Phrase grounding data
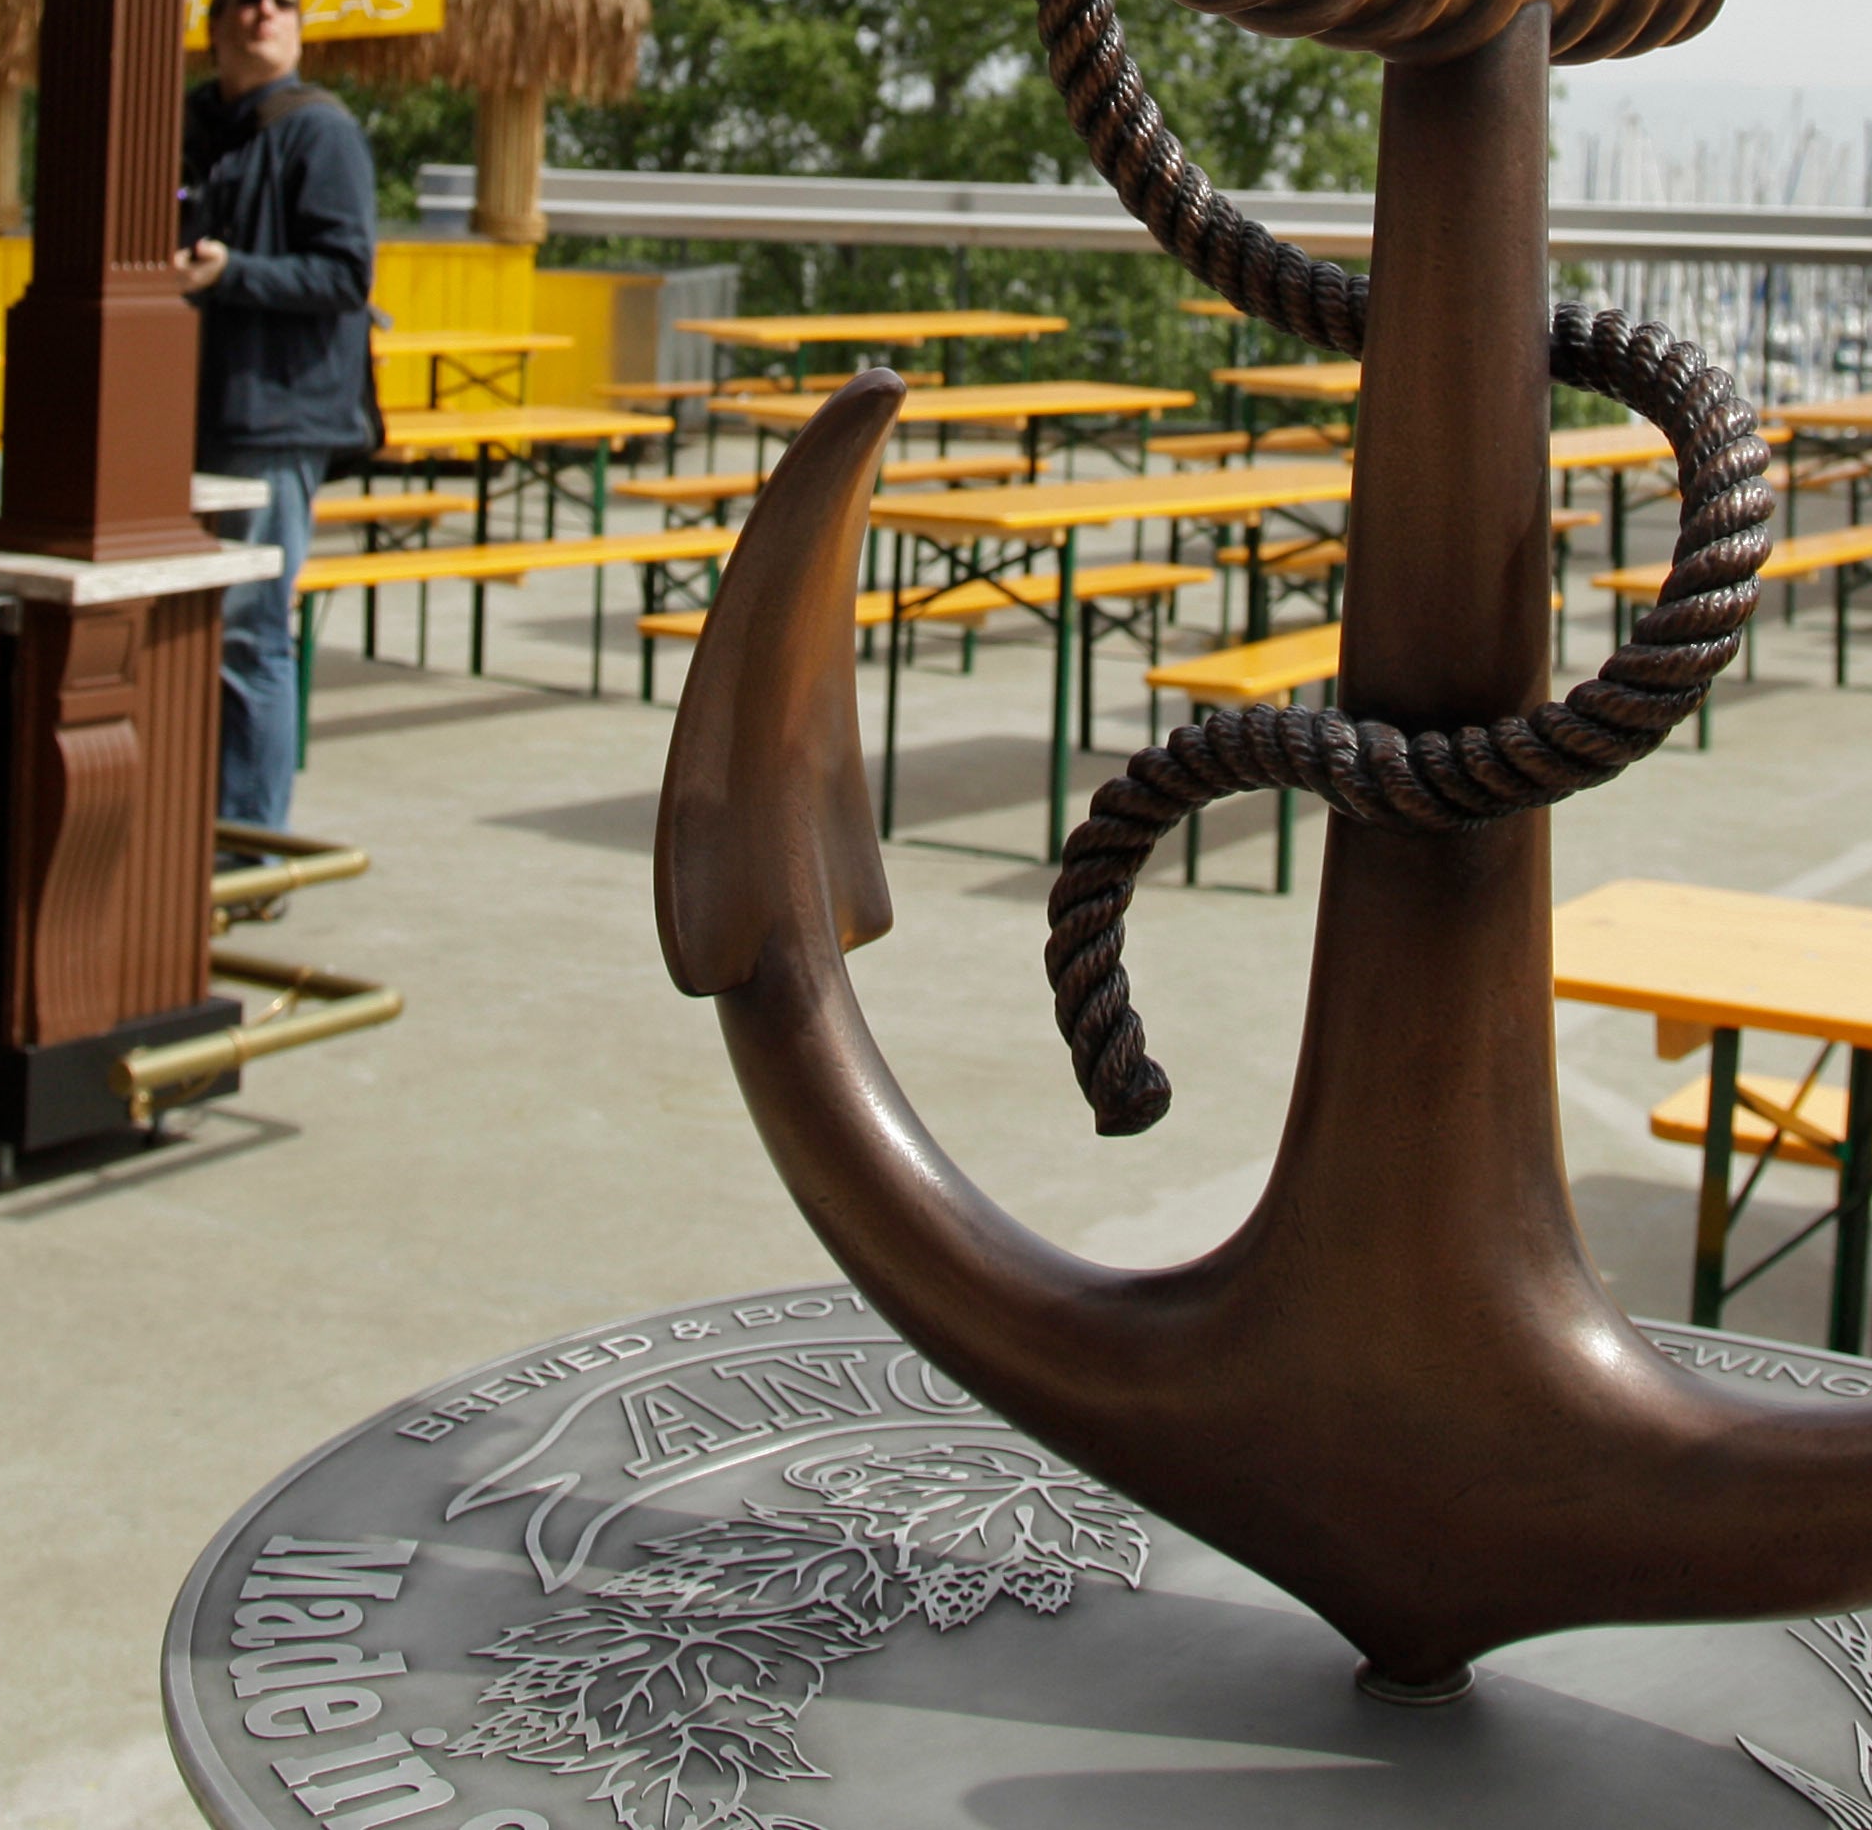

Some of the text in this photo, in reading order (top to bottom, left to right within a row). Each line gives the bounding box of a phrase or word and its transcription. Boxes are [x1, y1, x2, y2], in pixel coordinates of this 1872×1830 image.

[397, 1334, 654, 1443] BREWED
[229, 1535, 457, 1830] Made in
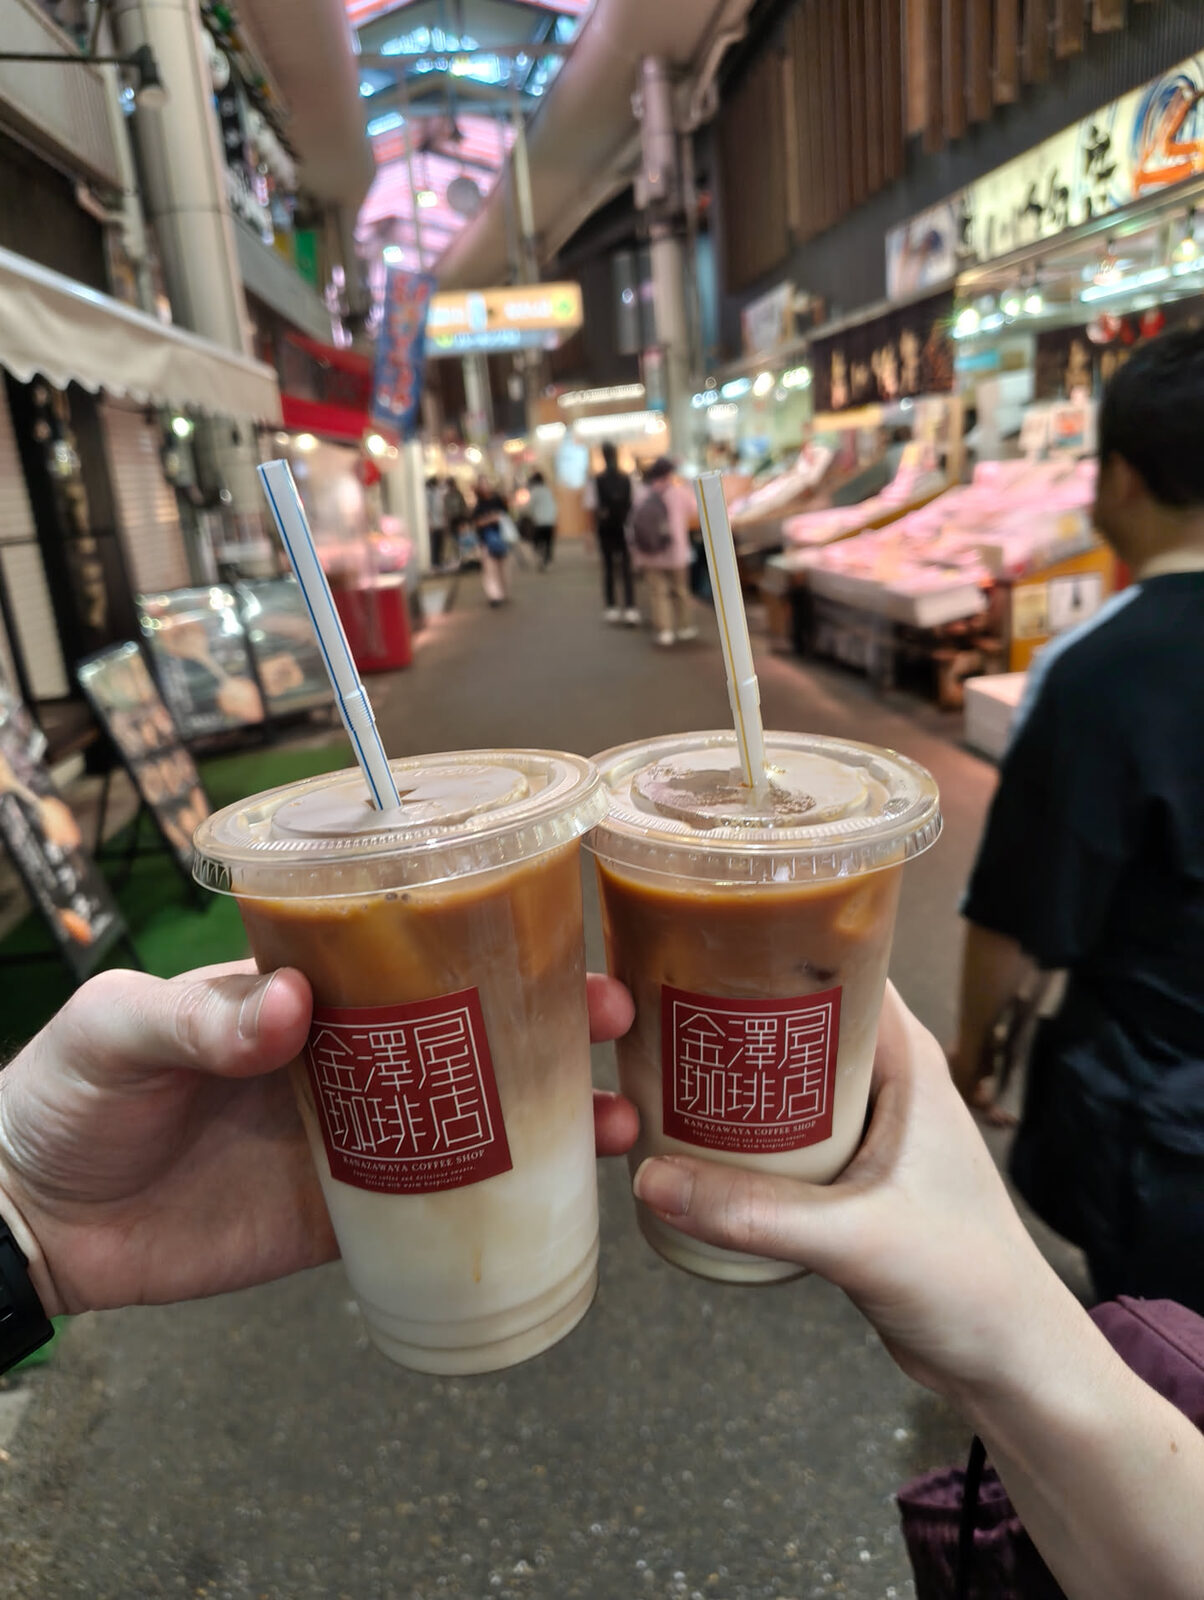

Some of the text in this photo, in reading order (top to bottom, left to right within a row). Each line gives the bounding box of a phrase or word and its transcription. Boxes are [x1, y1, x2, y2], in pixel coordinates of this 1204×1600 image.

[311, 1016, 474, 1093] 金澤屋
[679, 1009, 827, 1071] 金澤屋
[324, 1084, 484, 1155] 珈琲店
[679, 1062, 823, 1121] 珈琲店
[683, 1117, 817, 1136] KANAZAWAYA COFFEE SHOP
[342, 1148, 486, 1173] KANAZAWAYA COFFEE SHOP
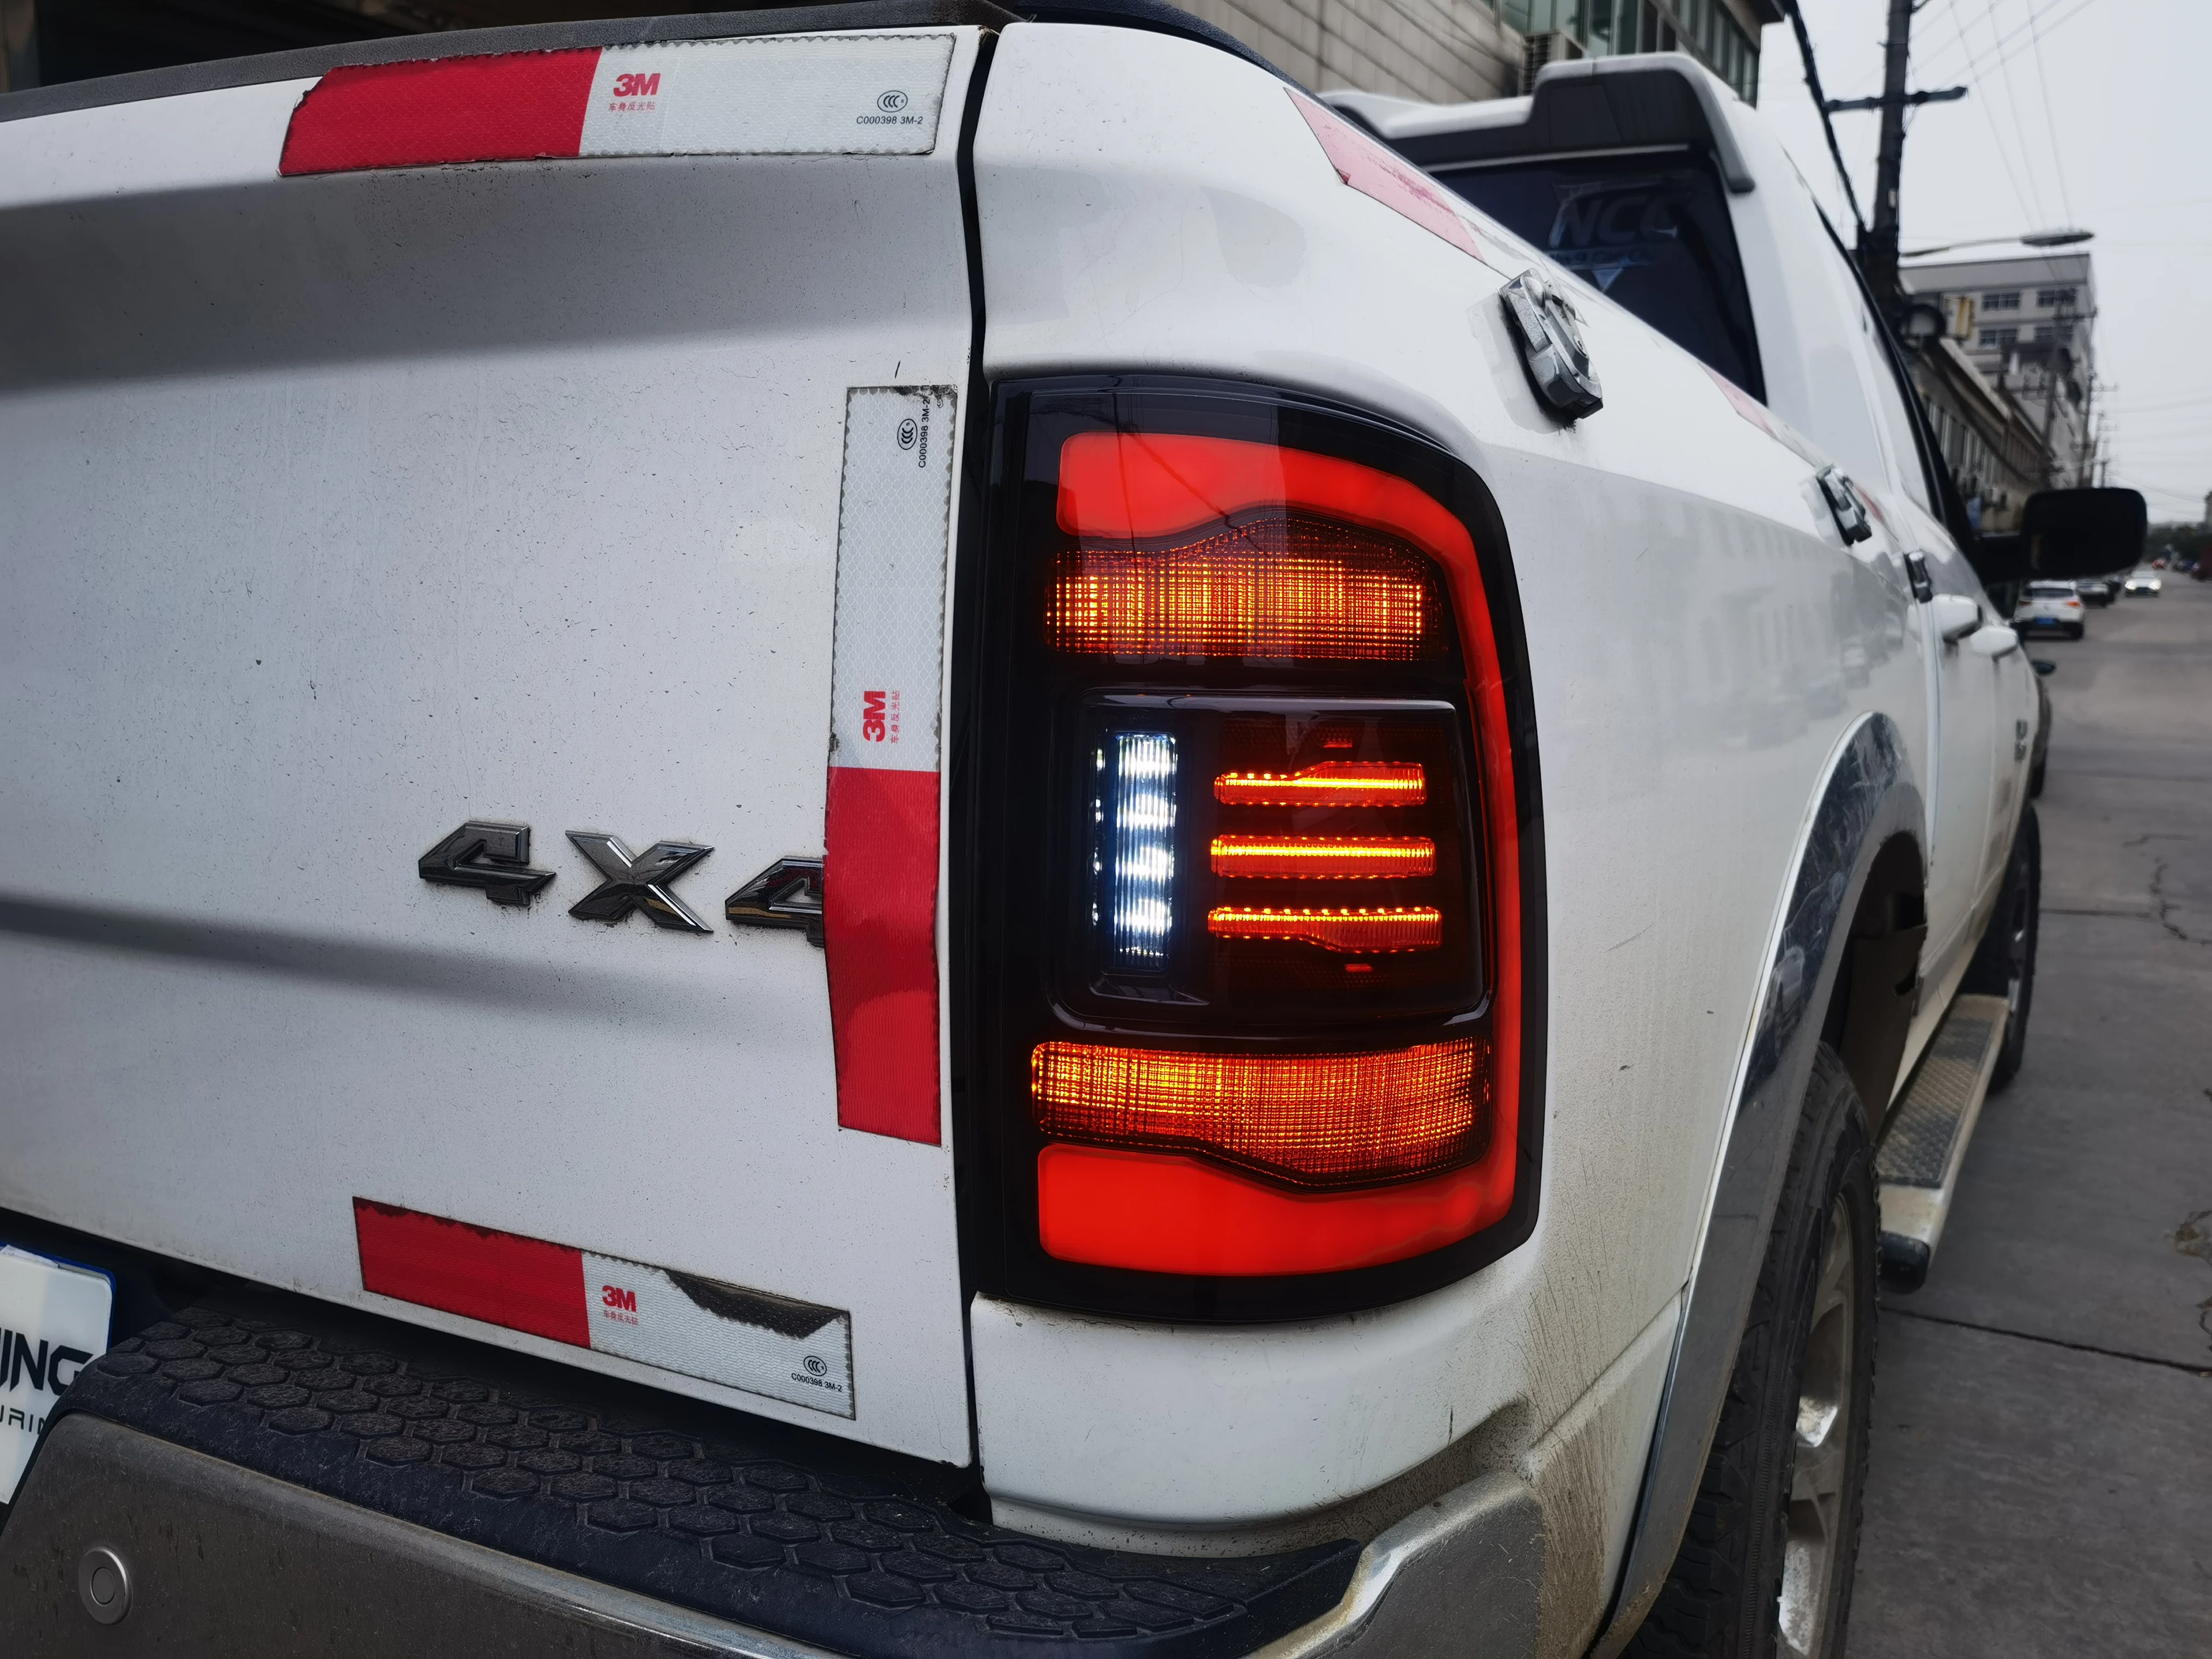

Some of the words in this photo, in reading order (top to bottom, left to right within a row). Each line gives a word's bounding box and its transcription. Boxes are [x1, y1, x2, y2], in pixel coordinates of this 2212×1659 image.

EXERCISE DIRECTIONS
When you copy the records above, keep every word exact and leave out the pictures they contain.

ANSWER TO THIS TASK
Some of the text in this photo, in reading order (top to bottom, left to right within a row). Each line gives the bounding box of a phrase or word and its transcription. Boxes are [x1, y1, x2, y2], in pixel coordinates of this 1872×1830 image.

[397, 1334, 654, 1443] BREWED
[229, 1535, 457, 1830] Made in

Some of the text in this photo, in reading order (top to bottom, left to right within a row). Each line gives the bounding box of a phrase or word and its transcription. Boxes are [x1, y1, x2, y2], in pixel coordinates of this 1204×1600 image.

[311, 1016, 474, 1093] 金澤屋
[679, 1009, 827, 1071] 金澤屋
[324, 1084, 484, 1155] 珈琲店
[679, 1062, 823, 1121] 珈琲店
[683, 1117, 817, 1136] KANAZAWAYA COFFEE SHOP
[342, 1148, 486, 1173] KANAZAWAYA COFFEE SHOP

Some of the words in this photo, in reading order (top to bottom, left to right within a row). Each line gives a word's bounding box and its transcription. Boxes are [x1, y1, x2, y2], in pixel coordinates of this 2212×1659 image.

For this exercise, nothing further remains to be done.